Contes: Les investigations continuent dans l'affaire de la maison de retraite

JUSTICE Le tribunal correctionnel de Nice (Alpes Maritimes) n’a pas rendu son délibéré, remettant en cause la partialité d’un gendarme

M.Fr.

— 

Une maison de retraite (illustration).
Une maison de retraite (illustration). — ISOPIX/SIPA

Le dénouement, ce n’était pas pour ce lundi après-midi.
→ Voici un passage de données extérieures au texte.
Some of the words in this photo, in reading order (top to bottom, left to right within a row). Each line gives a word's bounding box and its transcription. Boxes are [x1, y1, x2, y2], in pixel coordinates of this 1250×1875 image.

Le tribunal correctionnel de Nice (Alpes-Maritimes) n’a pas prononcé son délibéré, mais la poursuite des investigations dans l'affaire de la maison de retraite Le Clair Logis de Contes, rapporte Nice-Matin. Une mère et son fils sont jugés pour une série d’infractions commises pendant deux ans, à partir de 2015. 

C’est la partialité d’un gendarme qui est en cause. Alors qu’il enquêtait sur l’Ehpad, il n’a pas mentionné que son épouse travaillait au sein de l’établissement. Selon le quotidien local, tous deux devront être entendus le 13 mai en tant que témoins.
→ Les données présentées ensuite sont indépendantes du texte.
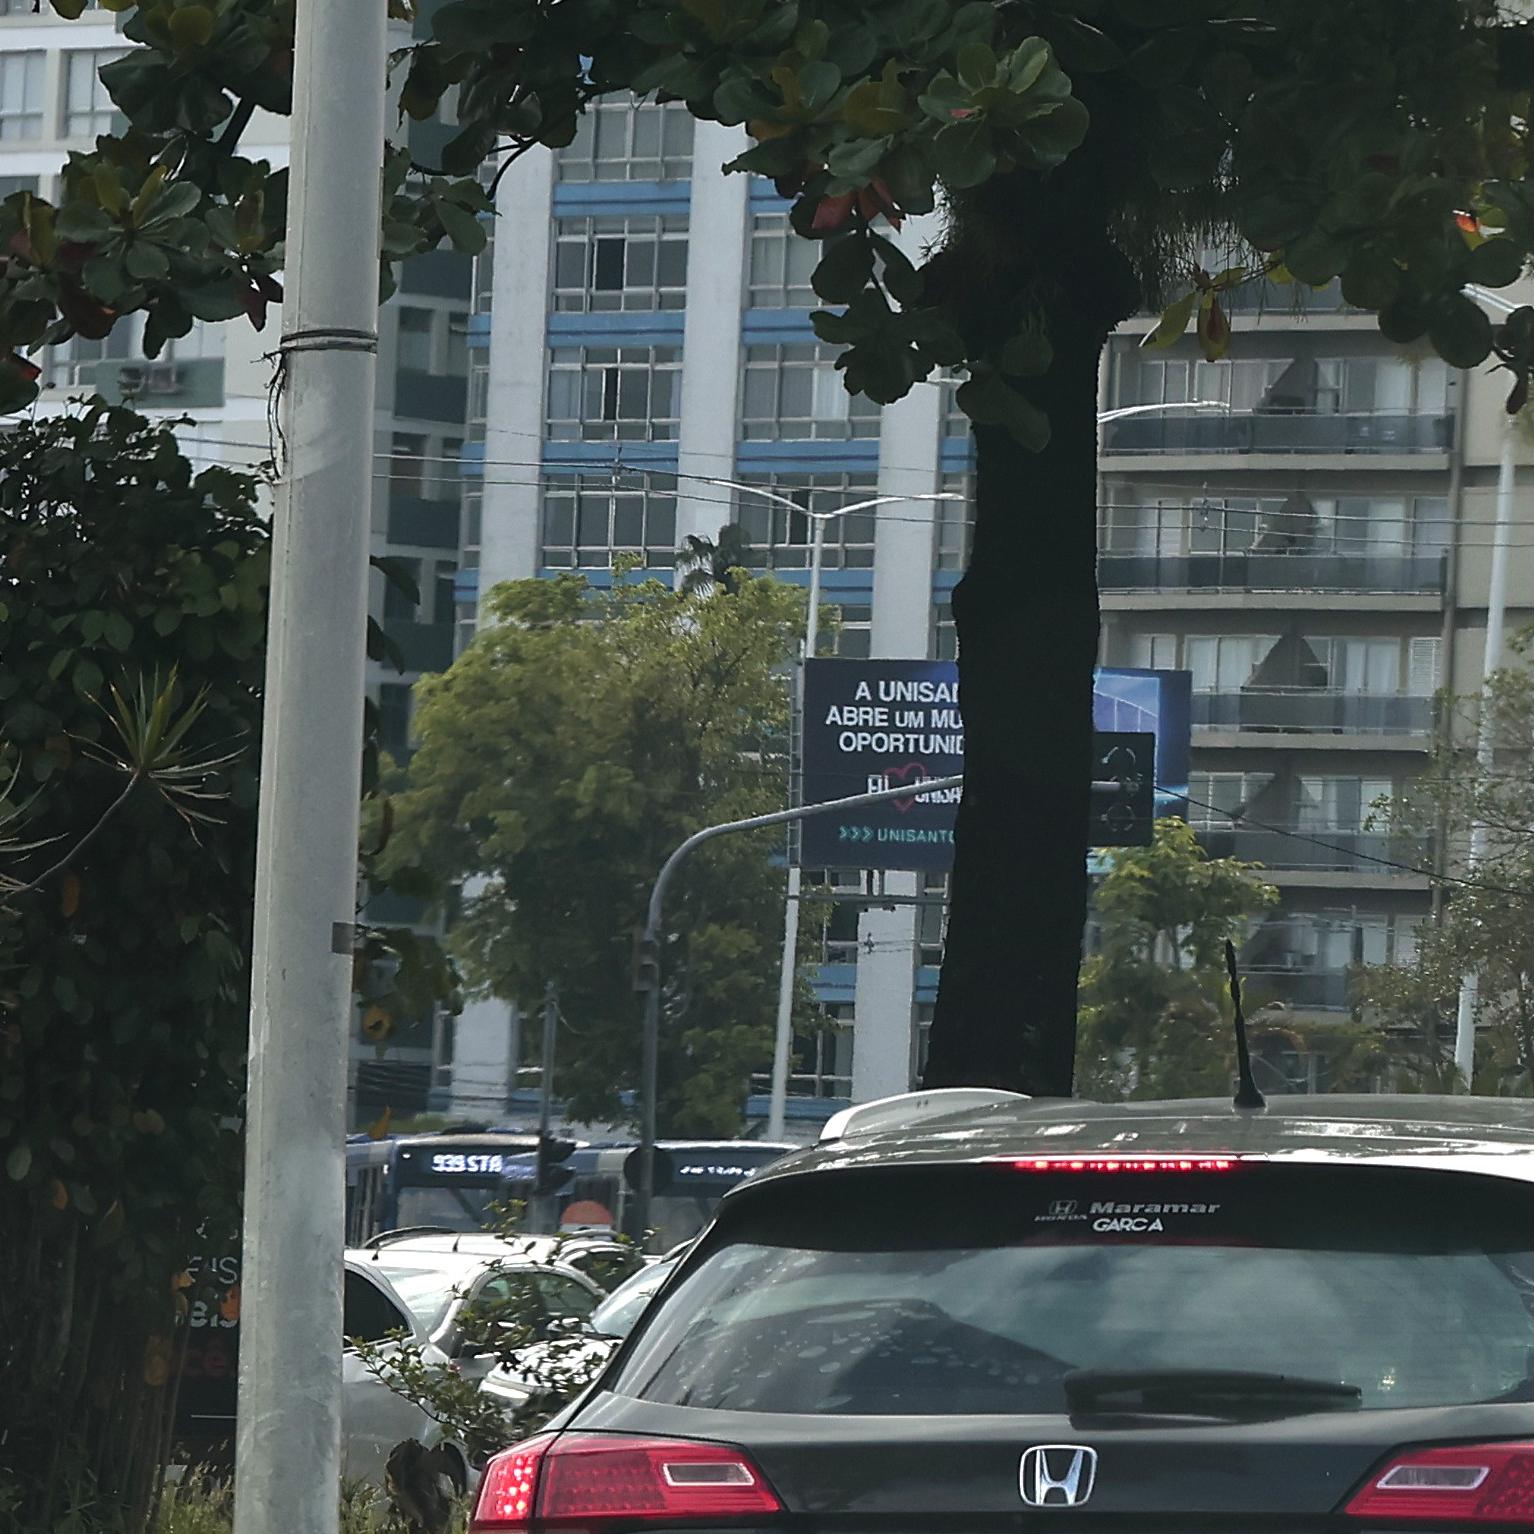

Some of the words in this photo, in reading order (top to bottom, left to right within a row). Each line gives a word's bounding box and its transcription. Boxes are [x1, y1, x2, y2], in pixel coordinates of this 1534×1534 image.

[855, 680, 872, 701] A
[825, 705, 889, 727] ABRE
[894, 711, 924, 729] UM
[1089, 1201, 1221, 1214] Maramar
Escroquerie et harcèlement

Suivi médical inadapté, escroquerie à l’assurance-maladie, harcèlement moral des employés… Treize infractions avaient été relevées par les enquêteurs sur une période allant de 2015 à 2017.

Les deux ex-dirigeants de cet Ehpad comparaissaient devant le tribunal correctionnel de Nice le 15 janvier. Deux ans de prison, dont 18 mois avec sursis, et 200.000 euros d’amende avaient été requis contre eux.